◆ Task goal
Would you reproduce every record exactly, leaving out the pictures?

═════ Input for this task

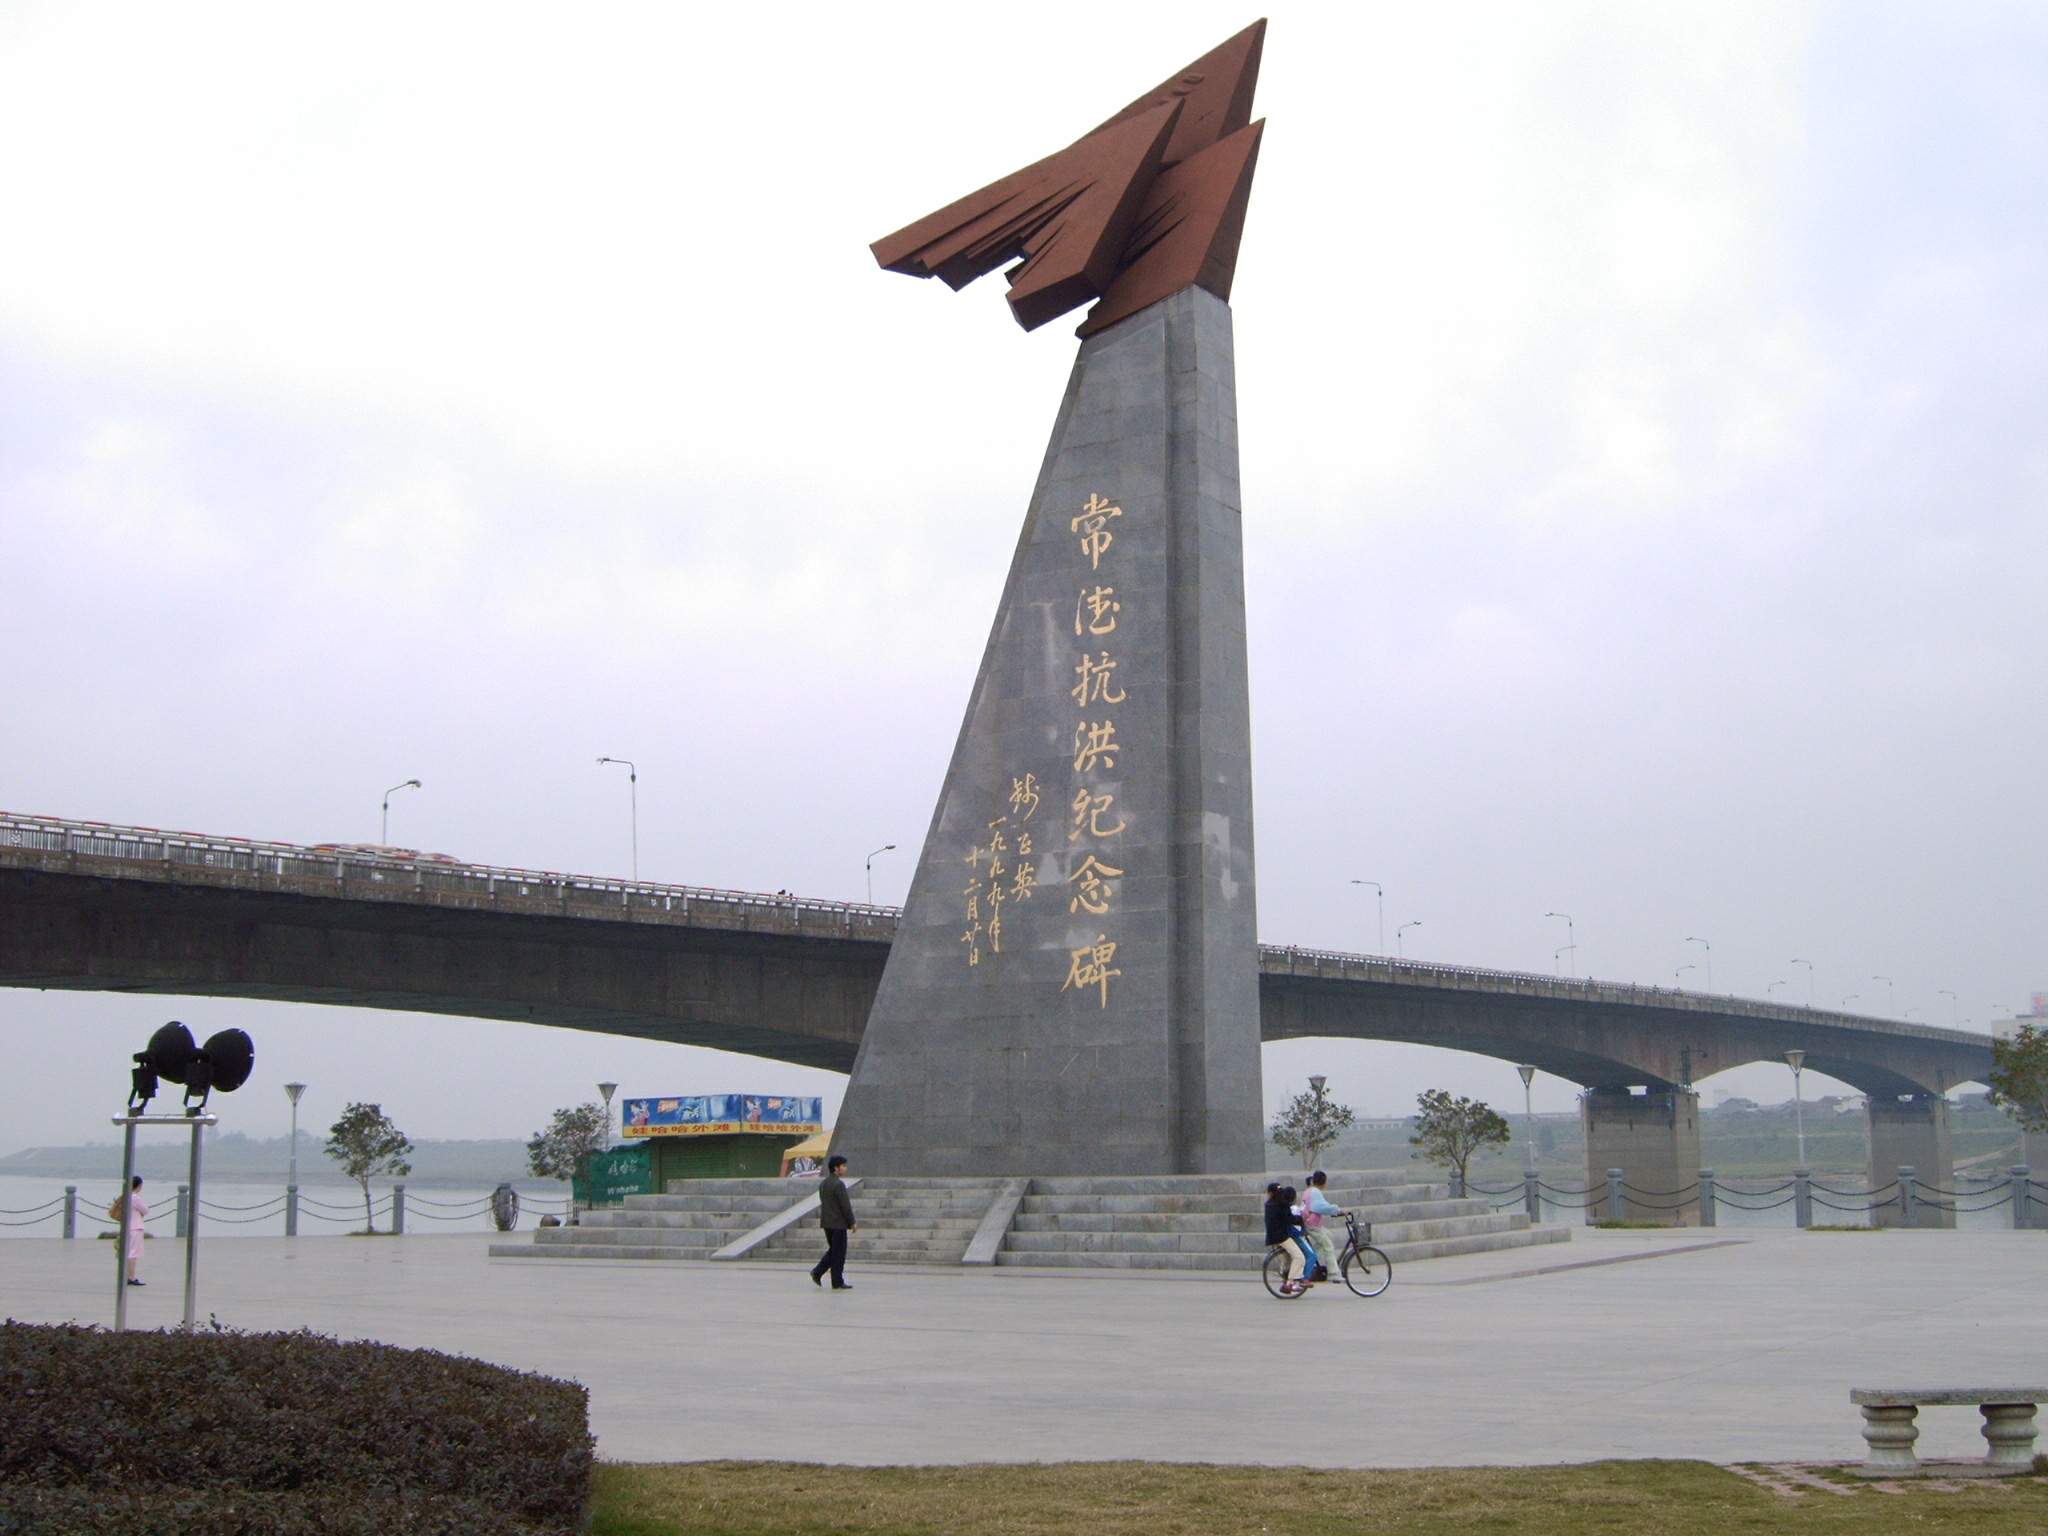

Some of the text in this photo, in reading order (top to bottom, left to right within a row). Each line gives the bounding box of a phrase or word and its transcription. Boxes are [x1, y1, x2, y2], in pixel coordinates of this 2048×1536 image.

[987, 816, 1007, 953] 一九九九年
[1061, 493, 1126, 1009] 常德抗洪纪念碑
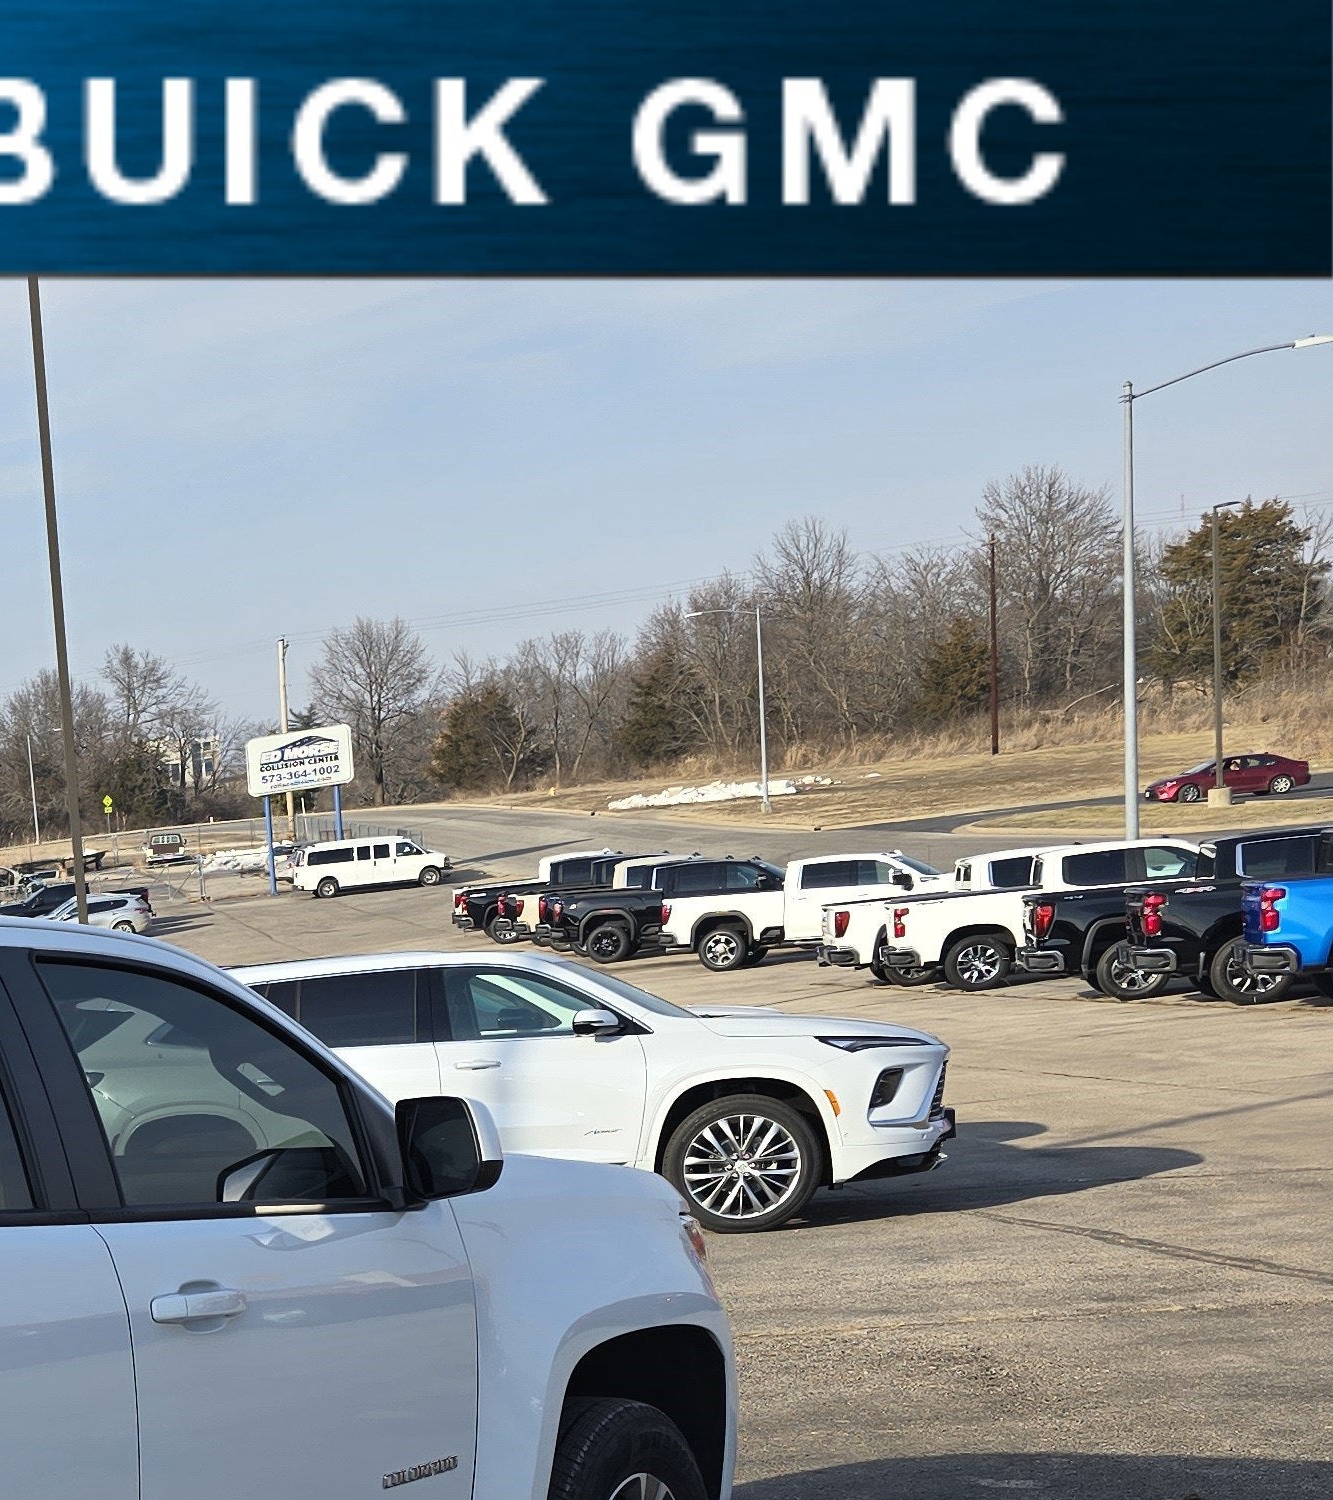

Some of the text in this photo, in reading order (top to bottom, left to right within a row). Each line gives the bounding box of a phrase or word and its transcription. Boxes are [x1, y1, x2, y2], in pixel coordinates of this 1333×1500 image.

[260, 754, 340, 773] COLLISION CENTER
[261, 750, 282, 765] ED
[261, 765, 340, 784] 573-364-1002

══════════

◆ Response area
Some of the text in this photo, in reading order (top to bottom, left to right within a row). Each line gives the bounding box of a phrase or word and its transcription. Boxes are [x1, y1, x2, y2], in pixel coordinates of this 2048×1536 image.

[987, 816, 1007, 953] 一九九九年
[1061, 493, 1126, 1009] 常德抗洪纪念碑

Some of the text in this photo, in reading order (top to bottom, left to right within a row). Each line gives the bounding box of a phrase or word and its transcription. Boxes are [x1, y1, x2, y2], in pixel coordinates of this 1333×1500 image.

[260, 754, 340, 773] COLLISION CENTER
[261, 750, 282, 765] ED
[261, 765, 340, 784] 573-364-1002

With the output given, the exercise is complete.